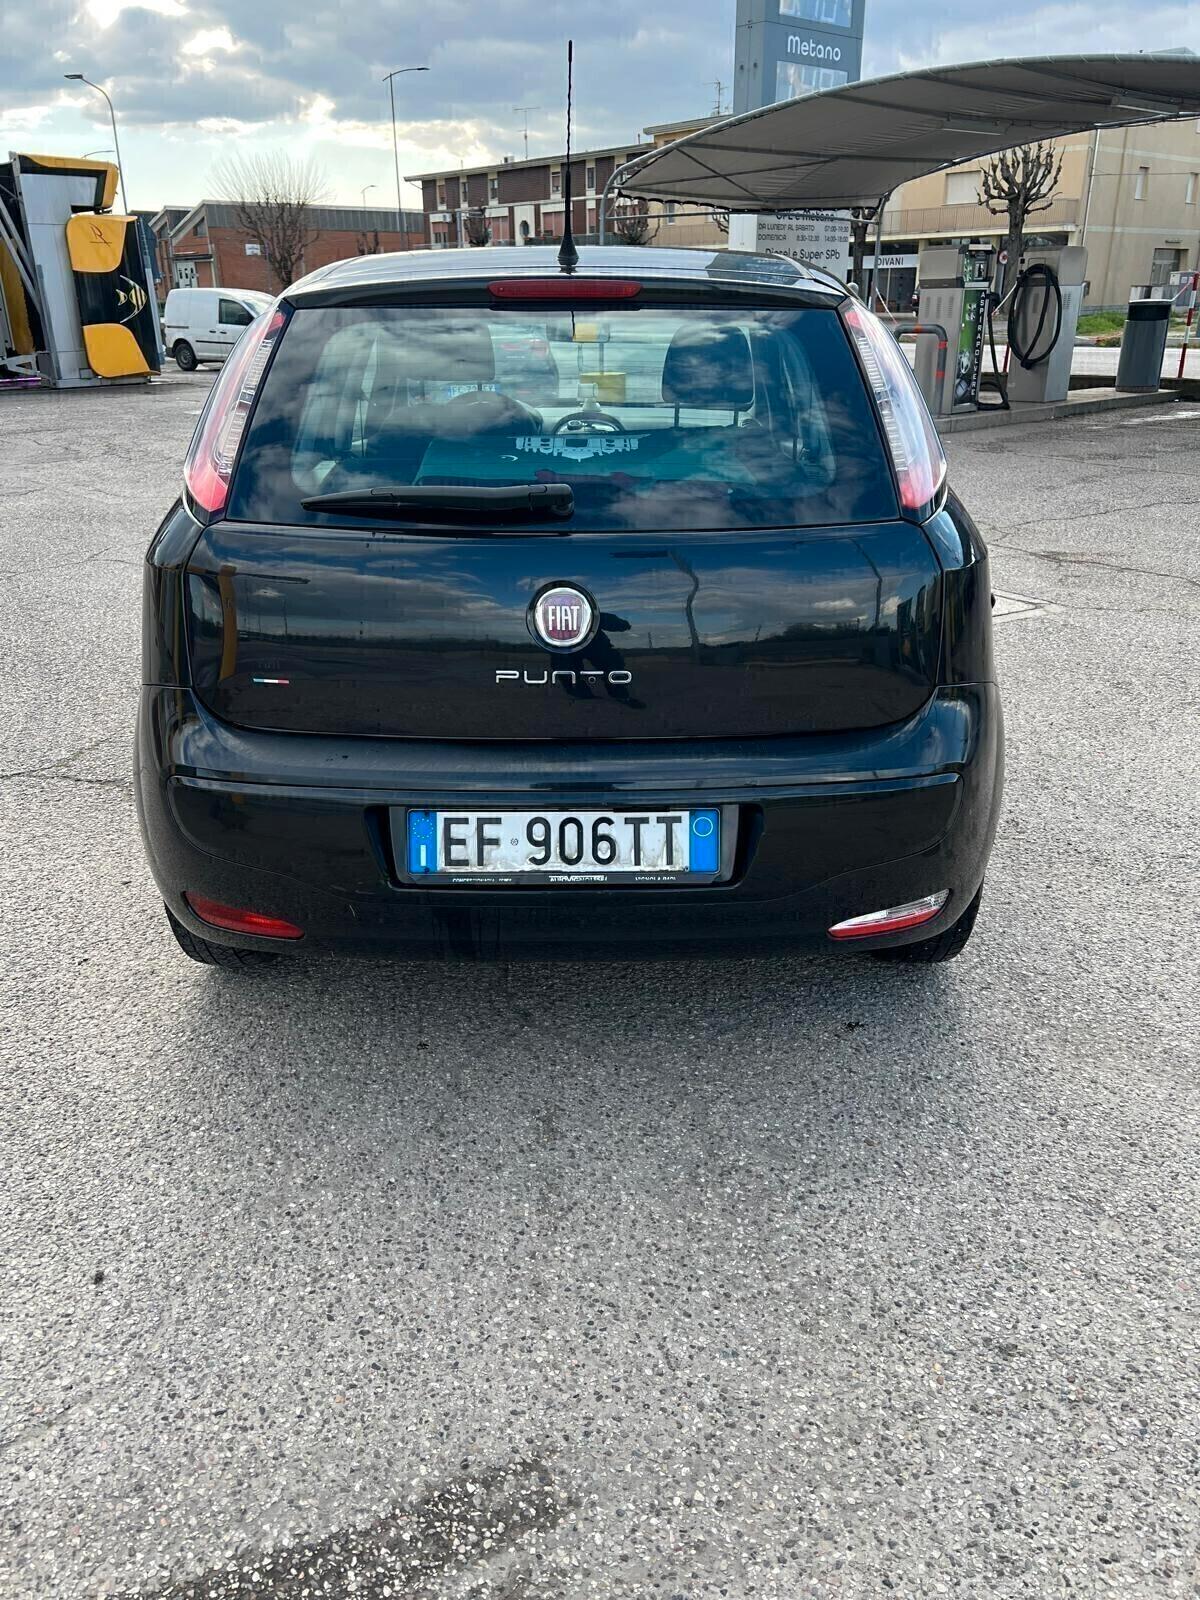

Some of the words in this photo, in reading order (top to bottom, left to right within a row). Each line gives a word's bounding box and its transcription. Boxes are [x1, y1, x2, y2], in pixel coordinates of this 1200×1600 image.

[787, 35, 841, 61] Metano
[795, 224, 815, 232] SABATO
[800, 249, 824, 262] Super
[877, 256, 904, 266] DIVANI
[548, 605, 580, 631] FIAT
[495, 670, 632, 684] PUNTO
[443, 817, 503, 867] EF
[525, 816, 683, 867] 906TT
****
:: Problem statement ::
Apart from the images, every line above needs to be printed again exactly.

:: Answer area ::
Some of the words in this photo, in reading order (top to bottom, left to right within a row). Each line gives a word's bounding box and its transcription. Boxes are [x1, y1, x2, y2], in pixel coordinates of this 1200×1600 image.

[787, 35, 841, 61] Metano
[795, 224, 815, 232] SABATO
[800, 249, 824, 262] Super
[877, 256, 904, 266] DIVANI
[548, 605, 580, 631] FIAT
[495, 670, 632, 684] PUNTO
[443, 817, 503, 867] EF
[525, 816, 683, 867] 906TT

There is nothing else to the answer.